I wasn’t online last night and missed the Limbaugh shenanigans. Only a small part of me wants to understand the method to this man’s madness the rest of me wonders about those in this country that give power to not only to him but to a press that continues to sensationalize any event by addressing our emotions rather than our intellect when we think they’re providing us with information.

I could tell you that I know Deborah Menkart and Deborah Menkart is not racist. One cannot be authentic in their understanding of another culture if they do not embrace their own culture. If you’ve missed it, he accuses Menkart and Teaching for Change of being racist because they don’t sell his book. His book by the way, that is racist and inaccurate in its portrayal of US history. But, spending time in is web gives it power.

People of color can be prejudiced, but they cannot be racist, because they don’t have the institutional power.
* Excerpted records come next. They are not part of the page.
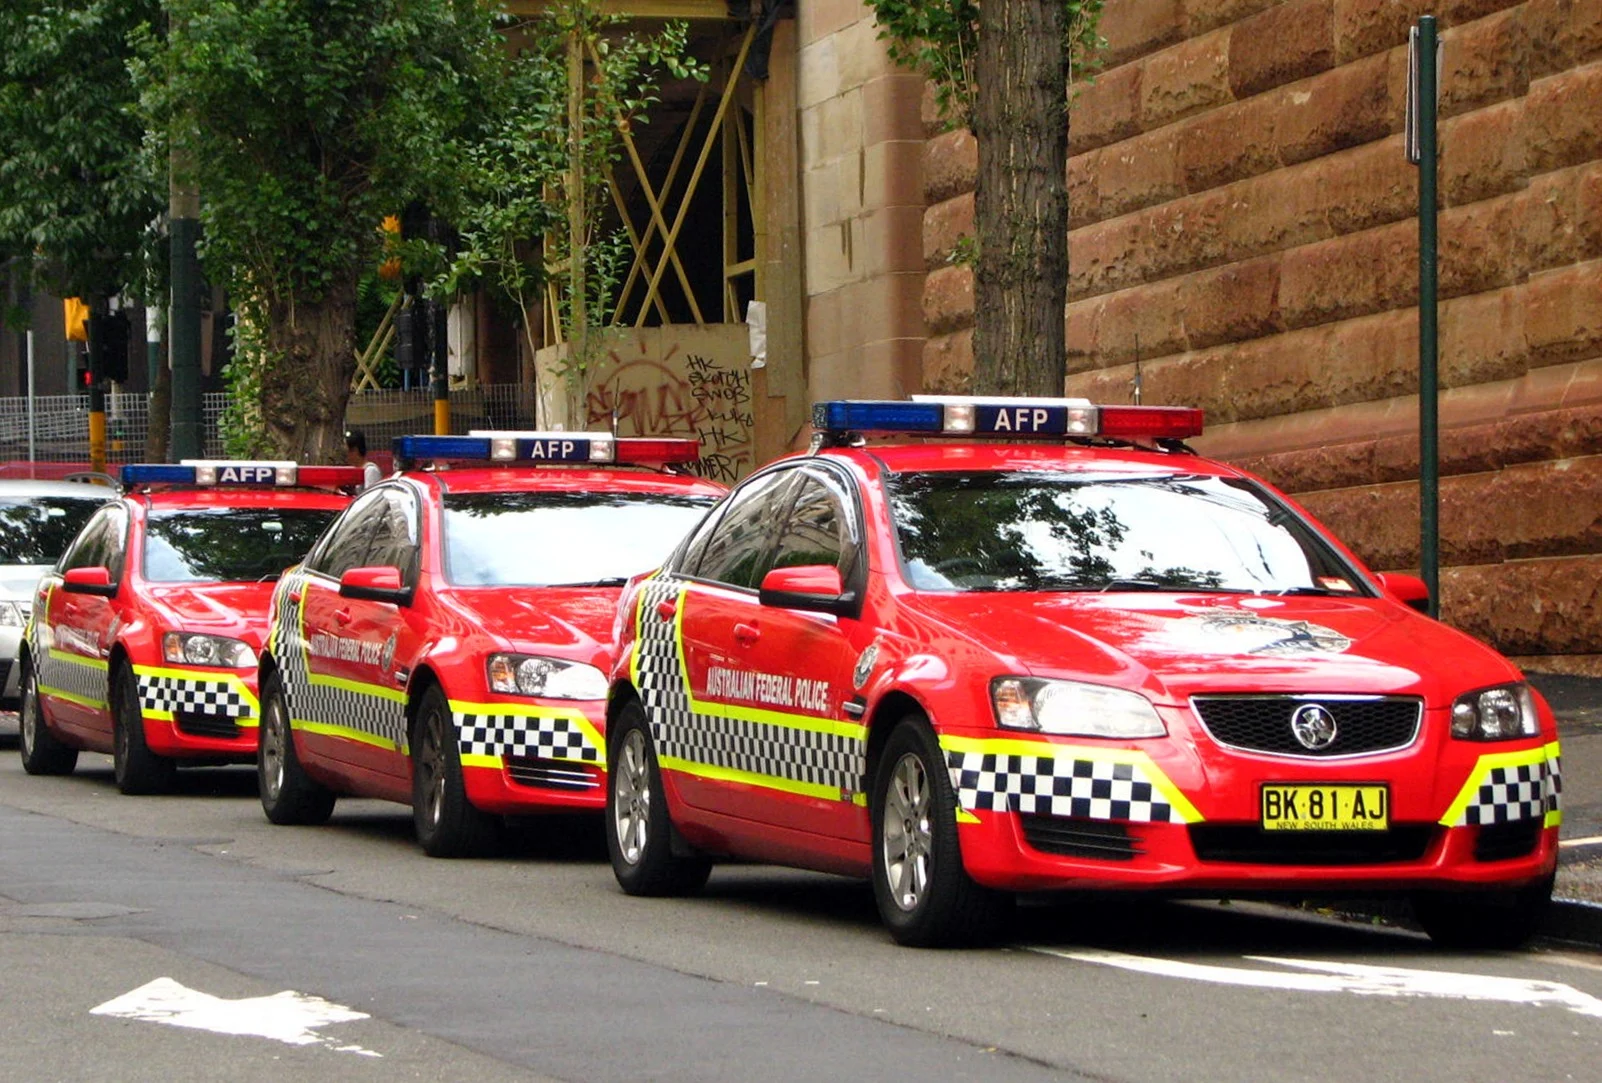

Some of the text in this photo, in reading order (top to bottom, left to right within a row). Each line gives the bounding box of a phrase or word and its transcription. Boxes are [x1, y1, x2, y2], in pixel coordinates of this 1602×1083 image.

[994, 408, 1049, 432] AFP
[531, 441, 575, 459] AFP
[220, 467, 273, 483] AFP
[706, 667, 829, 711] AUSTRALIAN FEDERAL POLICE
[1276, 821, 1374, 830] NEW SOUTH WALES
Racism = prejudice + power

Whereas 50 years ago, my ancestors in the Delta finally had the power to leave the segregated South for the racism of Chicago. Did those schools in the Delta even have a library? I know some of my relatives were illiterate and I know how hard they worked to get their children into school. Institutional racism is a bitch.

40 years ago my parents had the power to live in a segregated neighborhood while they sent their children to a school that was 98% white. There were no books by any authors of color in that school library and the social studies teacher my 7th grade year refused to teach about Africa. How in the world I formed my racial identity is a mystery! I don’t even remember checking about books with black children from the public library in the black neighborhood.

30 years ago my husband and I had the power to move to Indianapolis and was immediately told which neighborhoods to avoid. We carefully selected an area with ‘good’ schools that had a diverse student population. The teaching staff however, did not reflect this diversity. My daughter often complained that she never could find books in the library about teens like herself. Nonetheless, my children were empowered by the education they received in these schools and are building successful careers.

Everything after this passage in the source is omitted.